Andare in Tibet non è una passeggiata: non è consentito agli stranieri viaggiare in maniera indipendente, per cui dovrete OBBLIGATORIAMENTE affidarvi ad un’agenzia, che pianificherà il vostro viaggio in base alle vostre esigenze e si occuperà anche di tutta la documentazione necessaria: visto, permessi ecc.
Avete due possibilità per entrare in Tibet: dal Nepal e dalla Cina. Se – come noi – optate per la prima, dovrete restare a Kathmandu per qualche giorno (3 di solito) in modo da ottenere il visto dall’ambasciata cinese della città.
Lo sappiamo, è una trafila lunga e laboriosa, ma ne vale la pena.
Nessuno può rimanere indifferente a questa città.
Nonostante la massiccia opera di modernizzazione portata avanti dal governo cinese, resiste e anzi emerge con forza la tradizione tibetana.

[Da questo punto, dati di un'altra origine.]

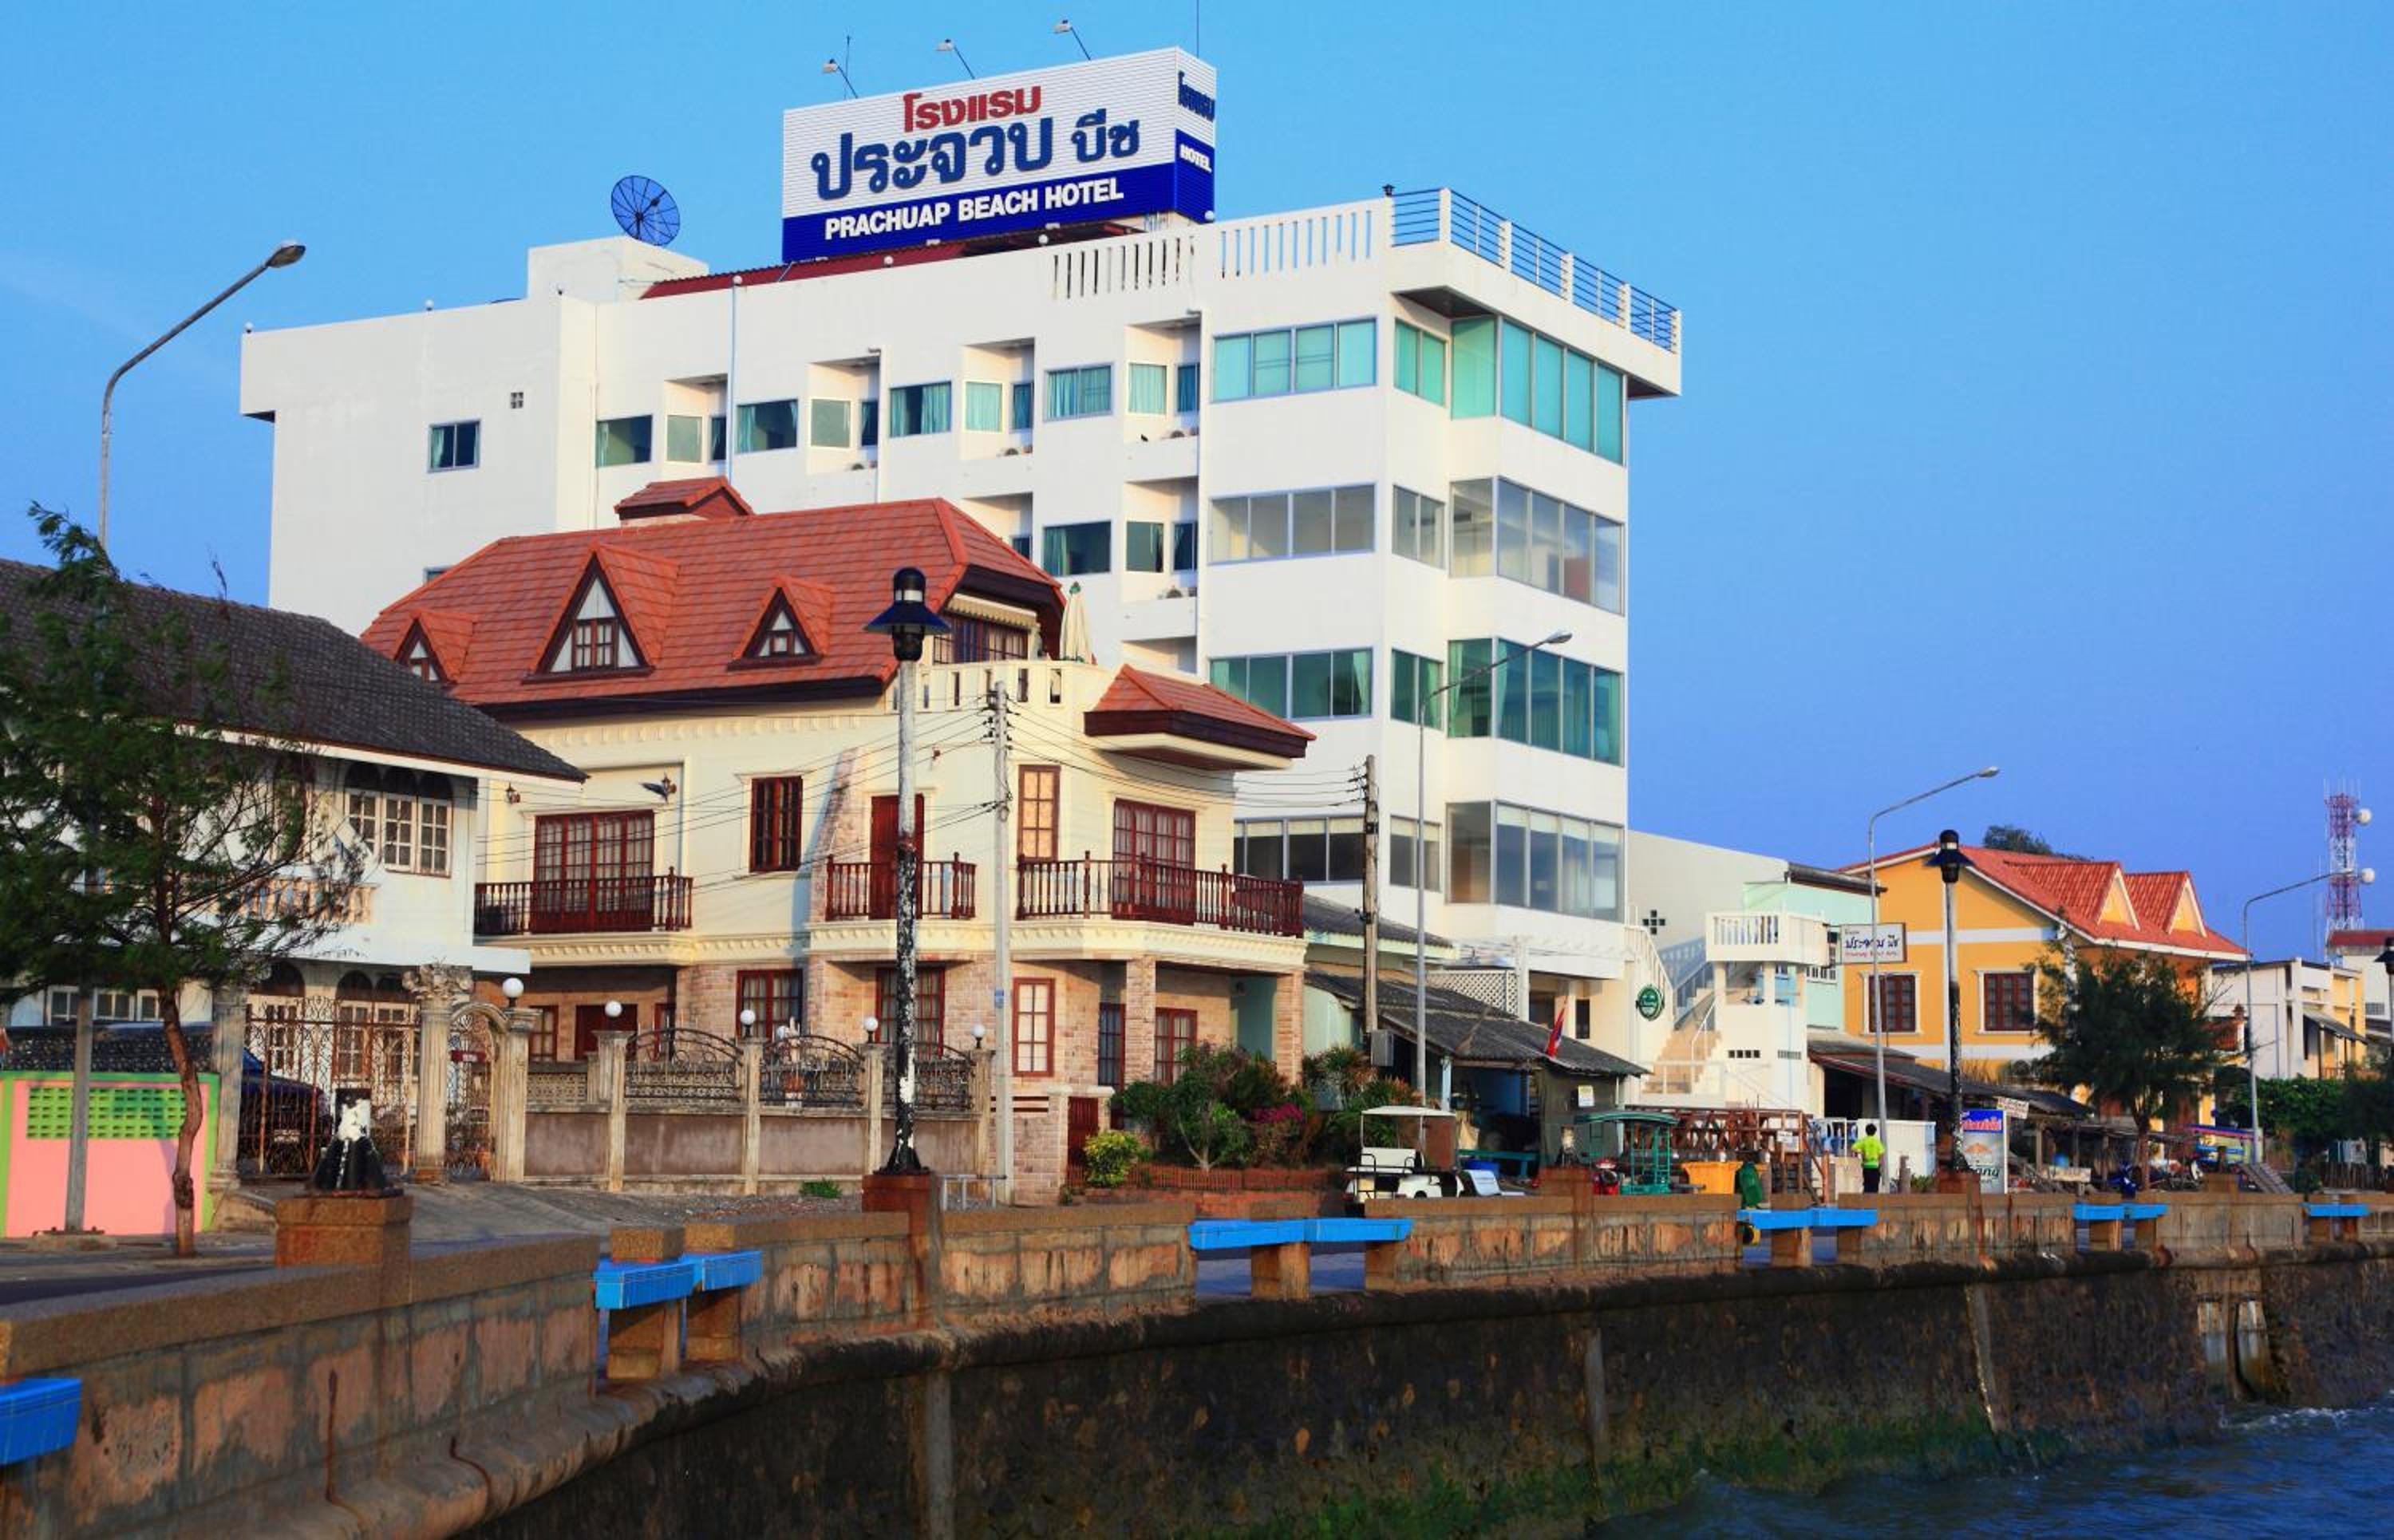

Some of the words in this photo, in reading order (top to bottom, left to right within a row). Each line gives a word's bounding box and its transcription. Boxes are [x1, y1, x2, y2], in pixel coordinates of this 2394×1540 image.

Probabilmente starete qui per qualche giorno per acclimatarvi (siamo a 3600 metri): usateli per esplorare i vicoletti della città con le sue botteghe, e fermatevi a parlare con la gente: i tibetani sono persone davvero uniche.
Il monastero più famoso (forse al mondo) è il Potala, residenza dei Dalai Lama fino al 1959. Ci saranno molte comitive impegnate a salire le centinaia di gradini che portano alle sale interne: non lasciatevi scoraggiare e andate, l’interno è veramente da vedere e se avete la fortuna di essere con una guida preparate imparerete moltissime cose sulla cultura tibetana.
Piazza Barkhor è uno dei luoghi più suggestivi che abbiamo mai visto: fatevi trascinare dal flusso di pellegrini, passando accanto a decine di devoti che si prostrano per terra in preghiera ogni tre passi. Questa piazza ha un’energia che abbiamo sentito in pochi altri posti al mondo, essere qui è qualcosa di più di una semplice visita.
All’interno della piazza si trova il Jokhang Temple, il tempio buddista più importante del Tibet. Al suo ingresso troverete sempre decine di tibetani intenti a pregare: è un luogo assolutamente da non perdere.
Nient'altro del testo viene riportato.